_WHAT THE TASK ASKS_.
Only the lines from the line holding "Some of the text" through the final line of the entries below are to be returned, exactly as they stand.

(Spatial localization data)
= = = =

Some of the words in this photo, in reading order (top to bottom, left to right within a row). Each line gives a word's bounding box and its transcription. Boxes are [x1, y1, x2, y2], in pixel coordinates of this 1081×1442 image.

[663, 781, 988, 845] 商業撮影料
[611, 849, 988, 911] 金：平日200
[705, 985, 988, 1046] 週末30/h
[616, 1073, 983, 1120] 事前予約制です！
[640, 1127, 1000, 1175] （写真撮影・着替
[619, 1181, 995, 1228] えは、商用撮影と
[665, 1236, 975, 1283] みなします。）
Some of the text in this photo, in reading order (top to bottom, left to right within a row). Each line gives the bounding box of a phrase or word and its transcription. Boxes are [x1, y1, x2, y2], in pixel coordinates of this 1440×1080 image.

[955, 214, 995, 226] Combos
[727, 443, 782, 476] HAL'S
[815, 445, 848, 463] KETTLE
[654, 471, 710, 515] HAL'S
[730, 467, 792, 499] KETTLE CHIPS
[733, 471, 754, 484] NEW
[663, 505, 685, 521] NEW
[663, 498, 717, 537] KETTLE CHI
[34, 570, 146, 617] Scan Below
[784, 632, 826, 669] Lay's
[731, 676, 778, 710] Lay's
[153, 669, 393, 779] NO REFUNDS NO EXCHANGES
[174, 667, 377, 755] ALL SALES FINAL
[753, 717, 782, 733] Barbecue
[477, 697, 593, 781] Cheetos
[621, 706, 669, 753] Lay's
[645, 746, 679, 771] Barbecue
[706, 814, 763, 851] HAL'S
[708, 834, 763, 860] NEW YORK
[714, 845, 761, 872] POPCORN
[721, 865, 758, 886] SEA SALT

= = = =

_EXPECTED ANSWER_.
Some of the text in this photo, in reading order (top to bottom, left to right within a row). Each line gives the bounding box of a phrase or word and its transcription. Boxes are [x1, y1, x2, y2], in pixel coordinates of this 1440×1080 image.

[955, 214, 995, 226] Combos
[727, 443, 782, 476] HAL'S
[815, 445, 848, 463] KETTLE
[654, 471, 710, 515] HAL'S
[730, 467, 792, 499] KETTLE CHIPS
[733, 471, 754, 484] NEW
[663, 505, 685, 521] NEW
[663, 498, 717, 537] KETTLE CHI
[34, 570, 146, 617] Scan Below
[784, 632, 826, 669] Lay's
[731, 676, 778, 710] Lay's
[153, 669, 393, 779] NO REFUNDS NO EXCHANGES
[174, 667, 377, 755] ALL SALES FINAL
[753, 717, 782, 733] Barbecue
[477, 697, 593, 781] Cheetos
[621, 706, 669, 753] Lay's
[645, 746, 679, 771] Barbecue
[706, 814, 763, 851] HAL'S
[708, 834, 763, 860] NEW YORK
[714, 845, 761, 872] POPCORN
[721, 865, 758, 886] SEA SALT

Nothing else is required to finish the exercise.